PROVIDED RECORDS:
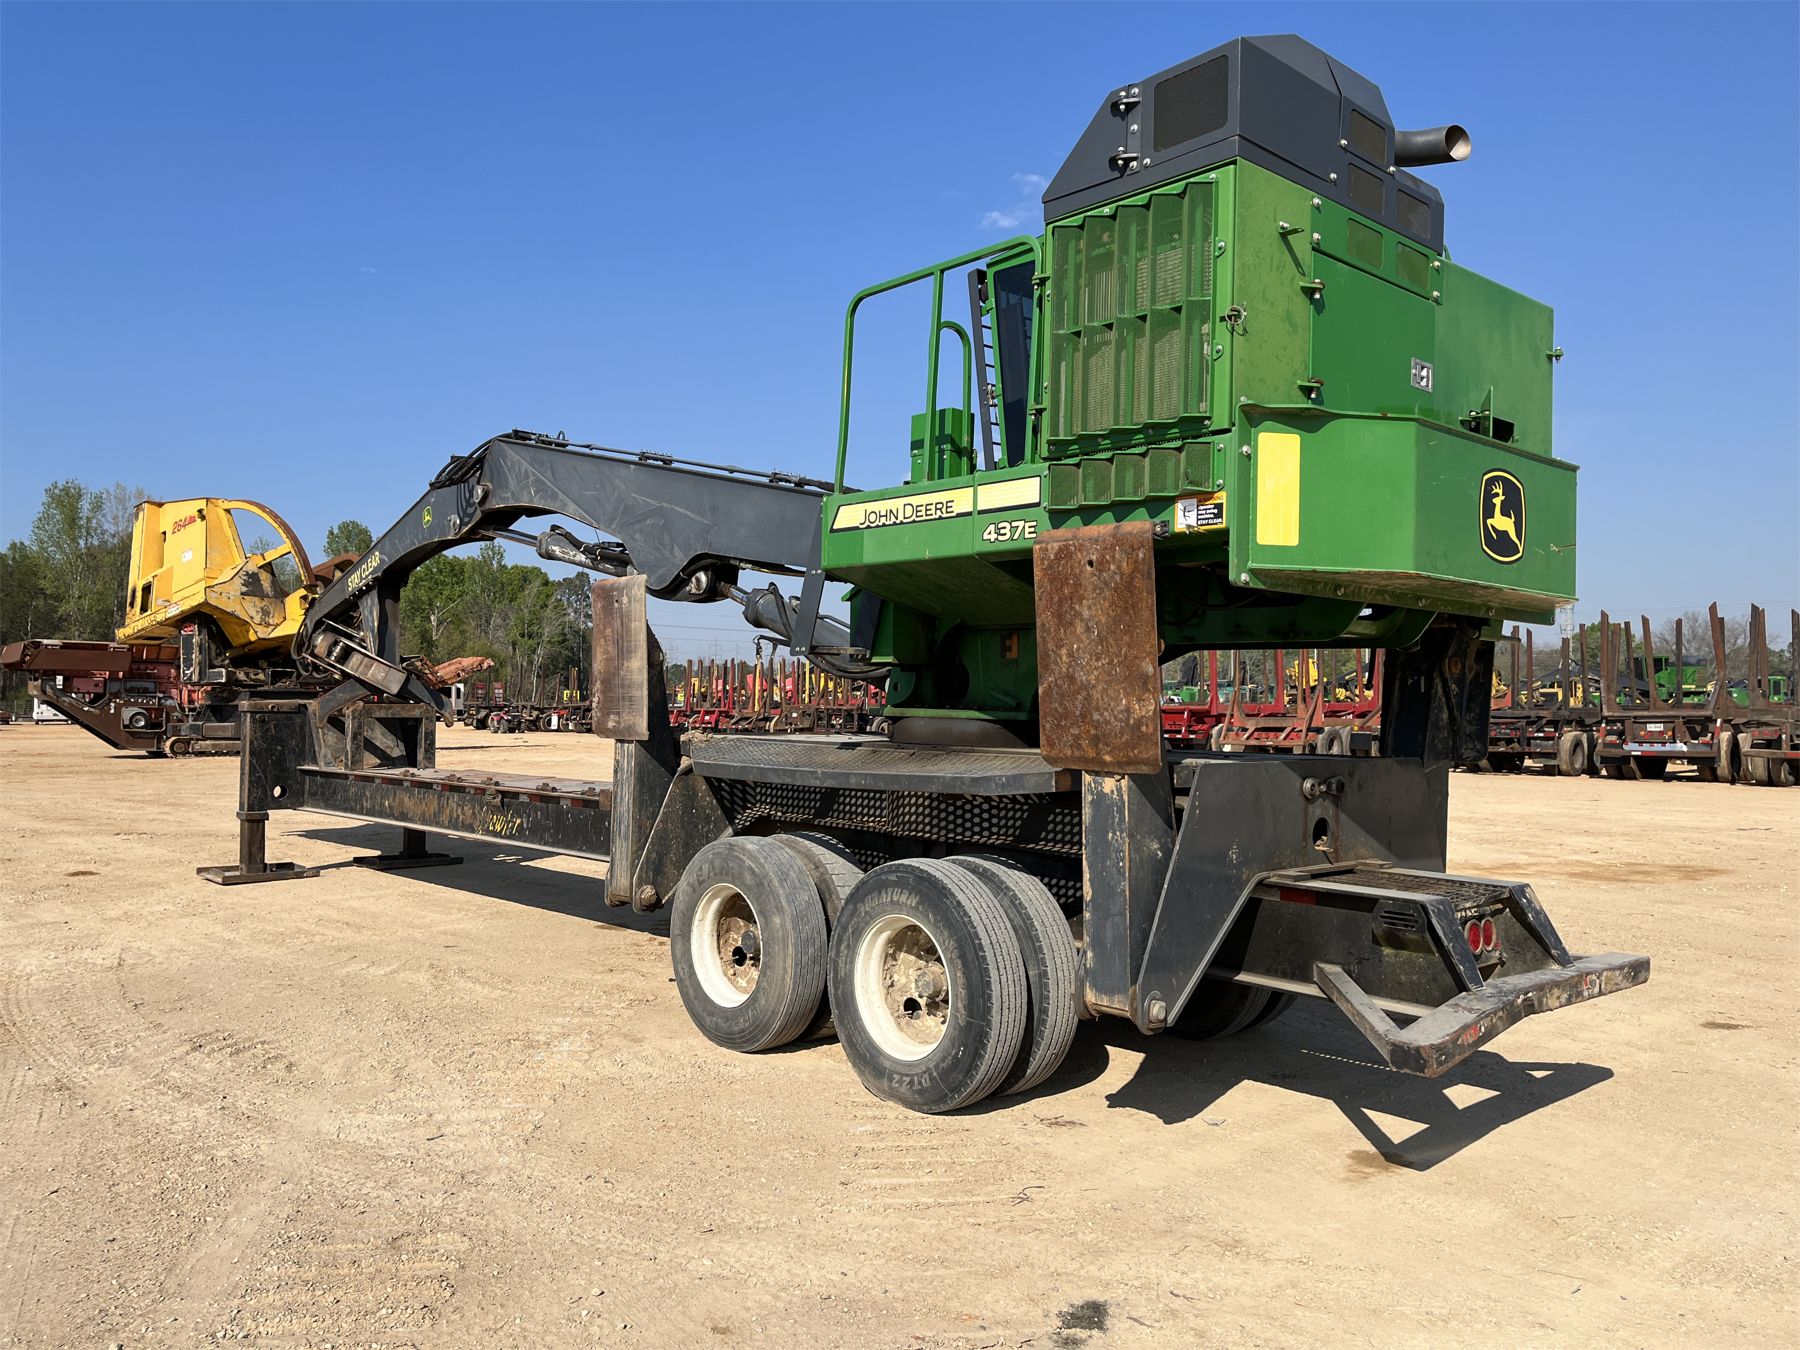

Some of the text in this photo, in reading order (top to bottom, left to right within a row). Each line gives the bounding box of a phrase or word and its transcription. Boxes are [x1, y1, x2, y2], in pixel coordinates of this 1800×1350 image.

[859, 500, 955, 526] JOHN DEERE
[172, 517, 187, 535] 264
[982, 520, 1038, 543] 437E
[347, 551, 381, 591] STAY CLEAR
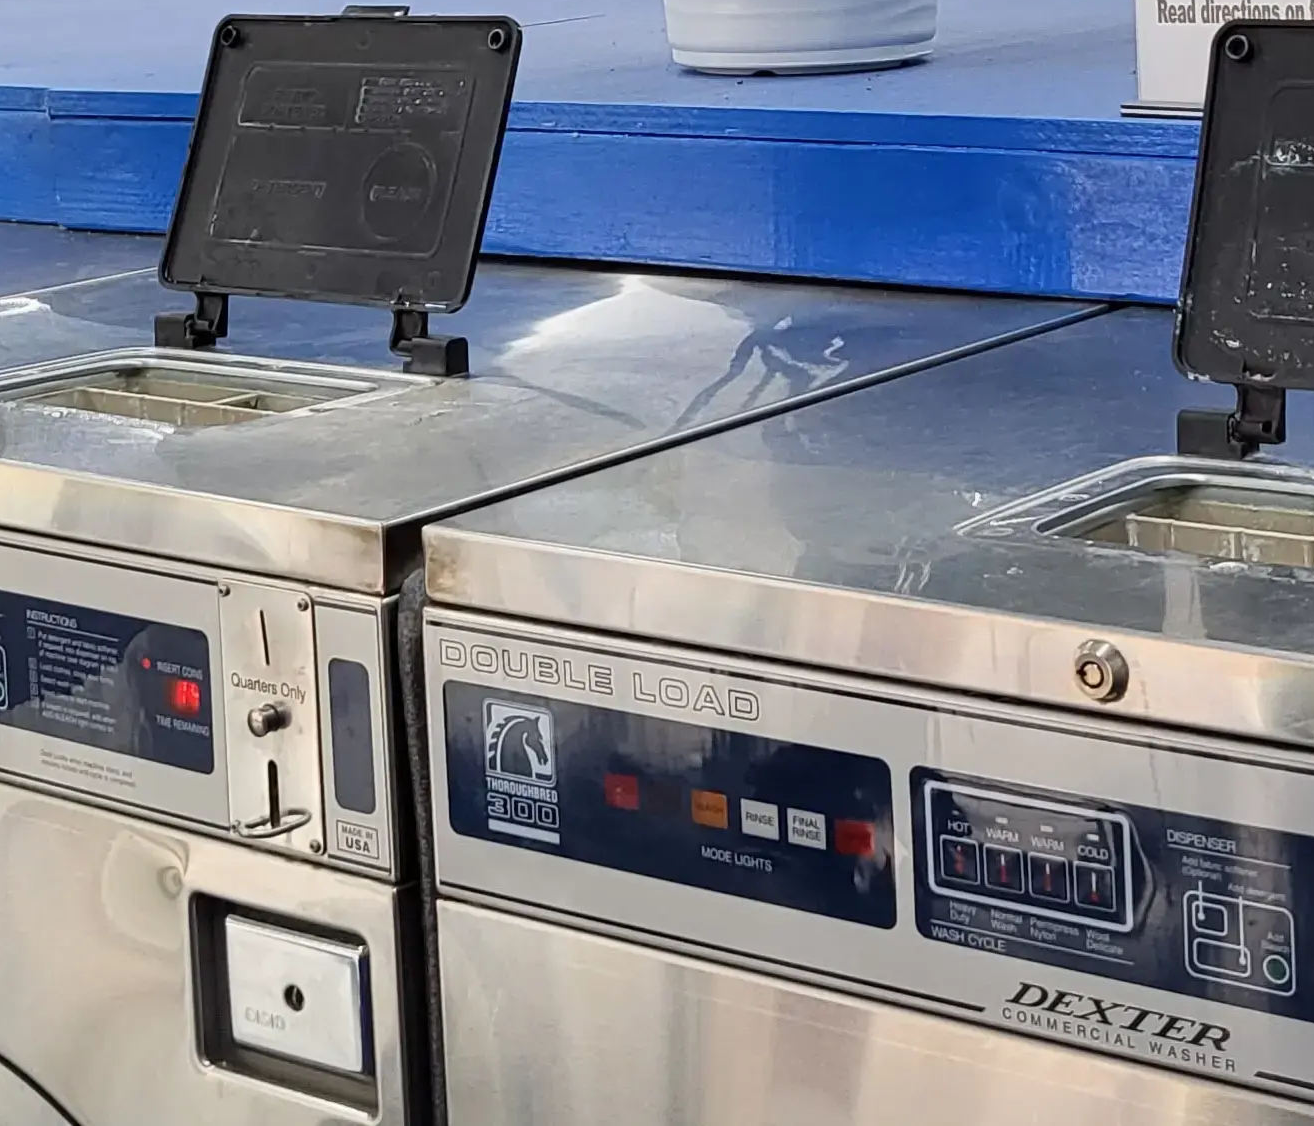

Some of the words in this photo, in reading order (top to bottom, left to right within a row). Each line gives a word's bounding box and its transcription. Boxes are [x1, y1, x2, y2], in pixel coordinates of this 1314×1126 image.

[1285, 1, 1305, 20] on
[231, 672, 278, 695] Quarters
[280, 682, 306, 704] Only
[439, 638, 614, 695] DOUBLE
[633, 672, 760, 721] LOAD
[486, 776, 558, 803] THOROUGHBRED
[488, 793, 559, 828] 300
[745, 811, 775, 827] RINSE
[792, 815, 820, 830] FINAL
[341, 825, 361, 837] MADE
[363, 829, 373, 839] IN
[345, 837, 371, 853] USA
[792, 827, 821, 842] RINSE
[947, 819, 969, 833] HOT
[986, 827, 1019, 843] WARM
[1030, 836, 1065, 851] WARM
[1077, 845, 1109, 860] COLD
[1166, 829, 1237, 854] DISPENSER
[701, 845, 732, 864] MODE
[734, 852, 773, 873] LIGHTS
[931, 926, 965, 942] WASH
[967, 932, 1007, 952] CYCLE
[1030, 926, 1057, 942] Nylon
[1005, 982, 1231, 1052] DEXTER
[1002, 1007, 1136, 1049] COMMERCIAL
[1149, 1041, 1236, 1073] WASHER
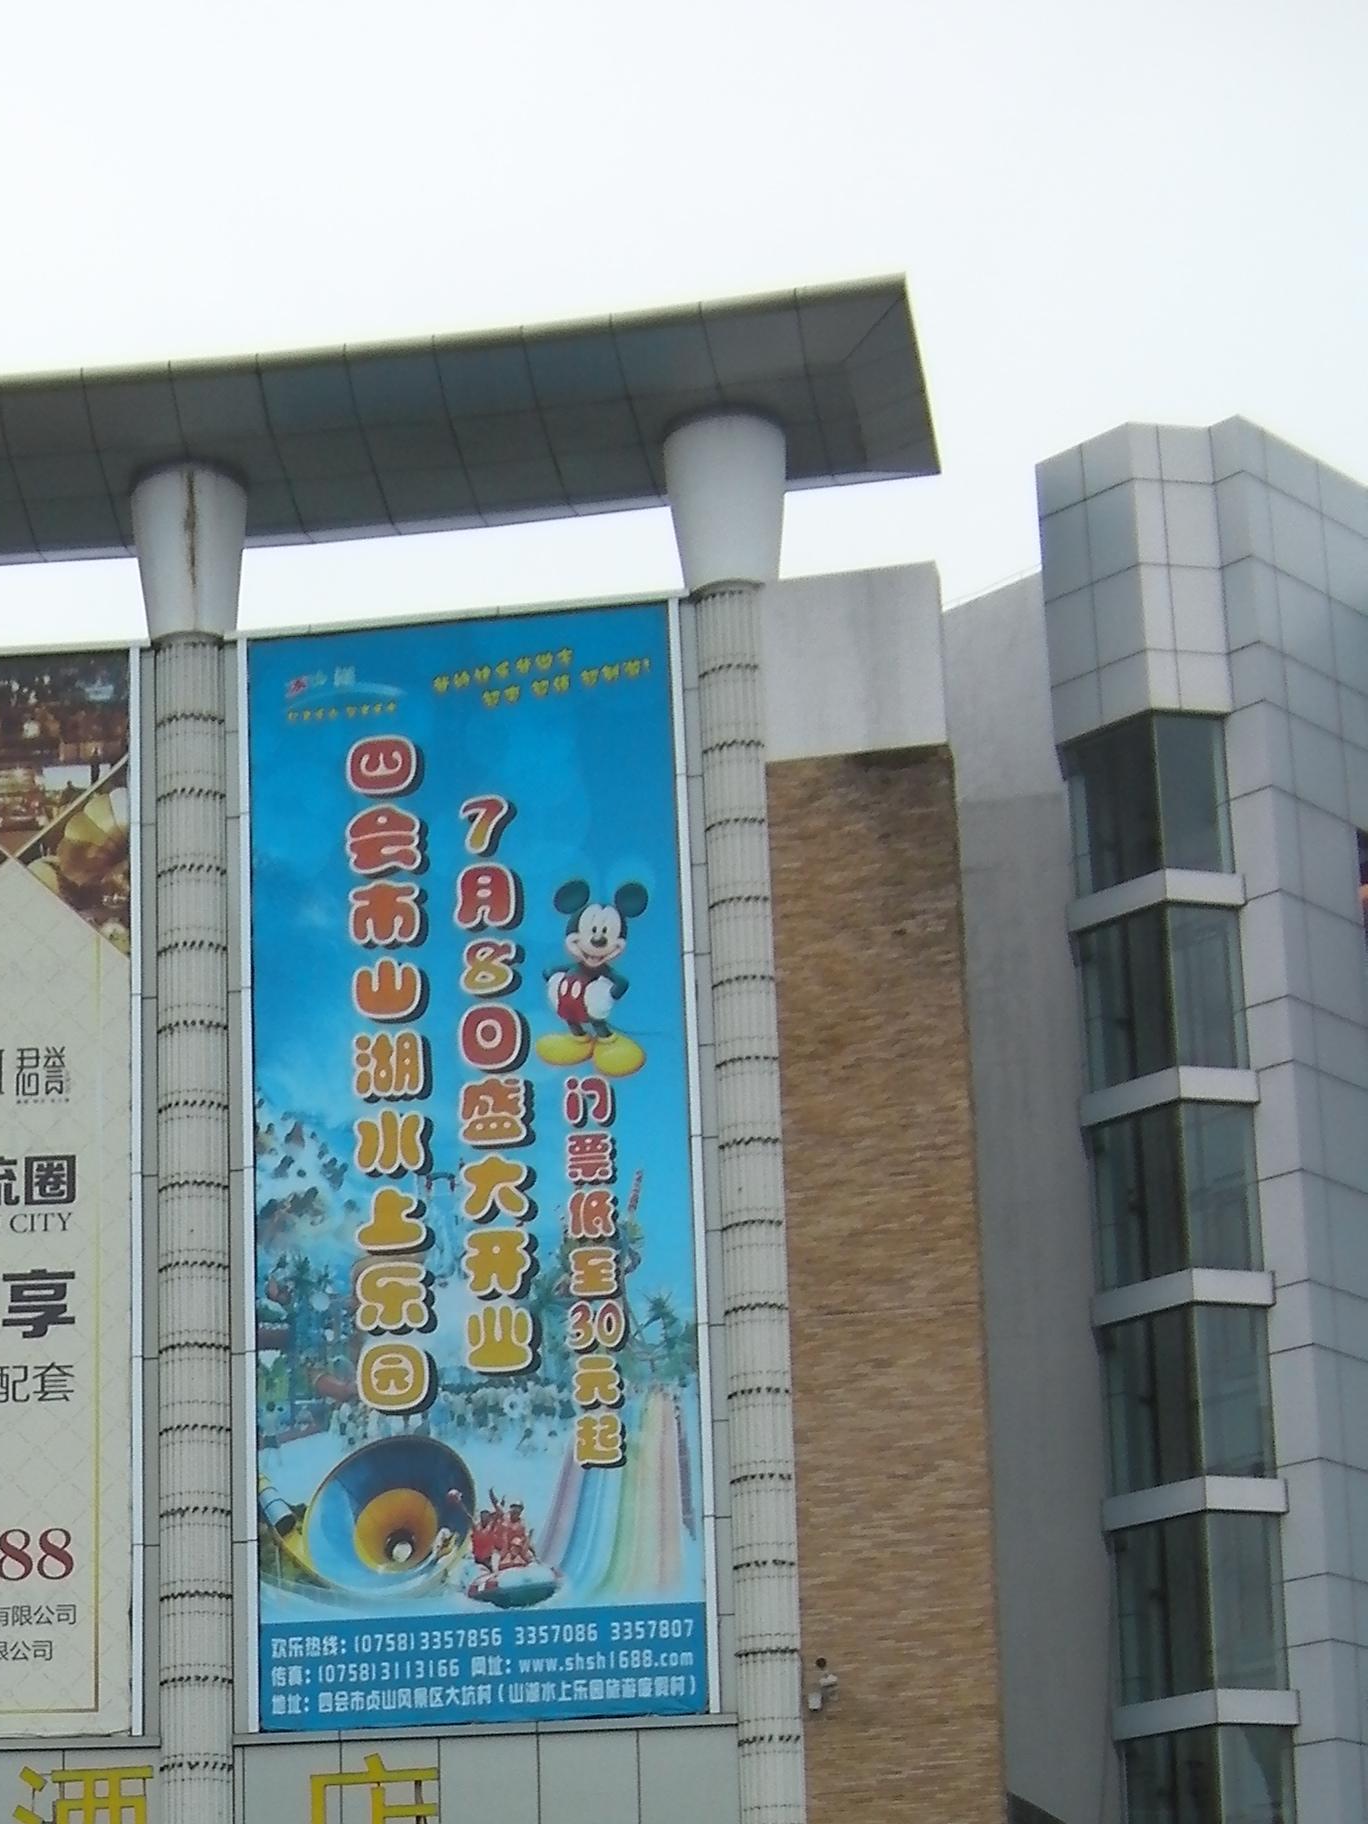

TASK DESCRIPTION:
Return all the records above exactly, pictures omitted.

ANSWER TO THIS EXERCISE:
Some of the text in this photo, in reading order (top to bottom, left to right within a row). Each line gives the bounding box of a phrase or word and its transcription. Boxes are [x1, y1, x2, y2], in pixel coordinates of this 1800×1350 image.

[859, 500, 955, 526] JOHN DEERE
[172, 517, 187, 535] 264
[982, 520, 1038, 543] 437E
[347, 551, 381, 591] STAY CLEAR

Some of the words in this photo, in reading order (top to bottom, left to right within a row). Each line gives a word's bounding box and its transcription. Boxes are [x1, y1, x2, y2], in pixel coordinates of this 1314×1126 image.

[1285, 1, 1305, 20] on
[231, 672, 278, 695] Quarters
[280, 682, 306, 704] Only
[439, 638, 614, 695] DOUBLE
[633, 672, 760, 721] LOAD
[486, 776, 558, 803] THOROUGHBRED
[488, 793, 559, 828] 300
[745, 811, 775, 827] RINSE
[792, 815, 820, 830] FINAL
[341, 825, 361, 837] MADE
[363, 829, 373, 839] IN
[345, 837, 371, 853] USA
[792, 827, 821, 842] RINSE
[947, 819, 969, 833] HOT
[986, 827, 1019, 843] WARM
[1030, 836, 1065, 851] WARM
[1077, 845, 1109, 860] COLD
[1166, 829, 1237, 854] DISPENSER
[701, 845, 732, 864] MODE
[734, 852, 773, 873] LIGHTS
[931, 926, 965, 942] WASH
[967, 932, 1007, 952] CYCLE
[1030, 926, 1057, 942] Nylon
[1005, 982, 1231, 1052] DEXTER
[1002, 1007, 1136, 1049] COMMERCIAL
[1149, 1041, 1236, 1073] WASHER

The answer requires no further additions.